Il guru dei cinque stelle attacca di nuovo i giornalisti: "parlate solo di cazzate"

Beppe Grillo

Beppe Grillo

GdS 10 giugno 2019
Nonostante sia moralmente responsabile dell'avanzata di ignoranza, di violenza verbale e deficienza intellettuale che è arrivata all'anticamera del Governo (se non quelle occasioni in cui invece è riuscito a entrare a passo tronfio nella stanza dei bottoni), Beppe Grillo continua a sostenere che la colpa sia tutta dei giornalisti. 
È sempre desolante vedere come questi teorici dell'uno vale uno e della democrazia diretta siano ossessionati con la stampa: nelle loro vesti di guru del popolino ignorante non sopportano che l'informazione sia ad appannaggio di altri che non siano loro e il loro modo di elaborare le notizie.

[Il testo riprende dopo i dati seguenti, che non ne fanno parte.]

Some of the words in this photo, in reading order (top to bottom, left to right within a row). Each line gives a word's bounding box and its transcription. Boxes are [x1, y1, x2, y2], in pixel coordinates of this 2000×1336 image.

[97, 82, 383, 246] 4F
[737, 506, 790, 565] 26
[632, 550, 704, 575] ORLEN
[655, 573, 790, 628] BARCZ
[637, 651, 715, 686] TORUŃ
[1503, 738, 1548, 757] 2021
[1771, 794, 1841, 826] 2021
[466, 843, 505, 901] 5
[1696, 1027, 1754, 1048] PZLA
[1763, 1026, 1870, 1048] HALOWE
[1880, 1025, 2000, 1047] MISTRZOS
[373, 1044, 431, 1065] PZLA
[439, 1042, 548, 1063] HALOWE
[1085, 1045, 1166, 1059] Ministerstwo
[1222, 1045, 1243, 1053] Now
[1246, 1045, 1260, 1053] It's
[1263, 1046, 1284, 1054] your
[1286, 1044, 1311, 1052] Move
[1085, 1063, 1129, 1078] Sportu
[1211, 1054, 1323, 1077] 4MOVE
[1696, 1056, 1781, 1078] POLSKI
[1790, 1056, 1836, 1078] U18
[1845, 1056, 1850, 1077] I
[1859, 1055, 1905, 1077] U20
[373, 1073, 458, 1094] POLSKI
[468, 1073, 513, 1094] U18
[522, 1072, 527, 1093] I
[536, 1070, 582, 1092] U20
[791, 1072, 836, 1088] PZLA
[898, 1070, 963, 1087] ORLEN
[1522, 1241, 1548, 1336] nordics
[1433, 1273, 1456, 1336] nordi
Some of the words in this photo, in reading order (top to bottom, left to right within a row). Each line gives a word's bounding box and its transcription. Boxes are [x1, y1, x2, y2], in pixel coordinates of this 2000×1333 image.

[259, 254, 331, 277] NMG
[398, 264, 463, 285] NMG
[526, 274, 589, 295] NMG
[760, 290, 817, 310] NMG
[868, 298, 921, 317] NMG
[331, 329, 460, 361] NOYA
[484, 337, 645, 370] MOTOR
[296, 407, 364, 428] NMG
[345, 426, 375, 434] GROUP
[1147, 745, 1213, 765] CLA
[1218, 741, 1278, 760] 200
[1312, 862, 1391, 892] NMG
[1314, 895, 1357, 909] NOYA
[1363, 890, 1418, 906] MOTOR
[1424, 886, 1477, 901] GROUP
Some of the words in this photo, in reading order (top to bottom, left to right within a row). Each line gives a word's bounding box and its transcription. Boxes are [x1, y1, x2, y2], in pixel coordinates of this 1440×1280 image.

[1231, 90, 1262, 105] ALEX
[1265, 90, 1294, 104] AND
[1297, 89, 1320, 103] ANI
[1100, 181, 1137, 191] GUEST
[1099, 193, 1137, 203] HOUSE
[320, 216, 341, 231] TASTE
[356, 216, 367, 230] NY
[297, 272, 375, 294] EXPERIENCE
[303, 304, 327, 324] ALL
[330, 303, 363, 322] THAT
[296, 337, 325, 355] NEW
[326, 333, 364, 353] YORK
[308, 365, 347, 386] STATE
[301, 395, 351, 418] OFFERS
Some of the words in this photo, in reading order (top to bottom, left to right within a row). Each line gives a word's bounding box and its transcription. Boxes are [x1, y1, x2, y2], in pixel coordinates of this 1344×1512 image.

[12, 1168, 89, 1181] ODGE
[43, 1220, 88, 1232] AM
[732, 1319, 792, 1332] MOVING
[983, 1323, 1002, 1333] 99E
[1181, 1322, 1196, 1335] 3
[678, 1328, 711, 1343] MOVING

Così, Grillo detta un'agenda tutta sua: il leader spirituale del M5s ha le idee ben chiare su cosa sia importante per il paese, e sarebbe a dire "la transizione energetica, la desertificazione delle citta" per fare due esempi da lui stesso citati in occasione di un'intervista con un inviato di Povera Patria, Alessandro Poggi: "È possibile che non riusciamo ad avere uno scambio tranquillo, normale con l'infomazione, parlare di cose che siano importanti per il Paese? Voi continuate a parlare di cazzate" ha detto il comico. 
Al giornalista che gli chiede del pranzo con Luigi Di Maio, Grillo risponde: "Siete dei congetturisti: una parte di responsabilità dell'ignoranza e della non conoscenza da parte di tantissime persone è vostra. Non siete dei media, siete dei mediocri: ci vedremo tra cinque anni e faremo il resoconto di quello che sarà successo". 
Le parole di Grillo non sono state ben accolte dal Pd, che ha commentato: "Fino a quando dovremo sopportare gli insulti di Grillo e dei Cinque Stelle nei confronti dei giornalisti? Oggi l'intervista di Alessandro Poggi, 'non siete media, siete mediocri'. I vertici M5S prendano immediatamente le distanze". Lo scrive il deputato del Pd Filippo Sensi, in un tweet in cui chiama in causa Luigi Di Maio, Roberto Fico e Giuseppe Conte.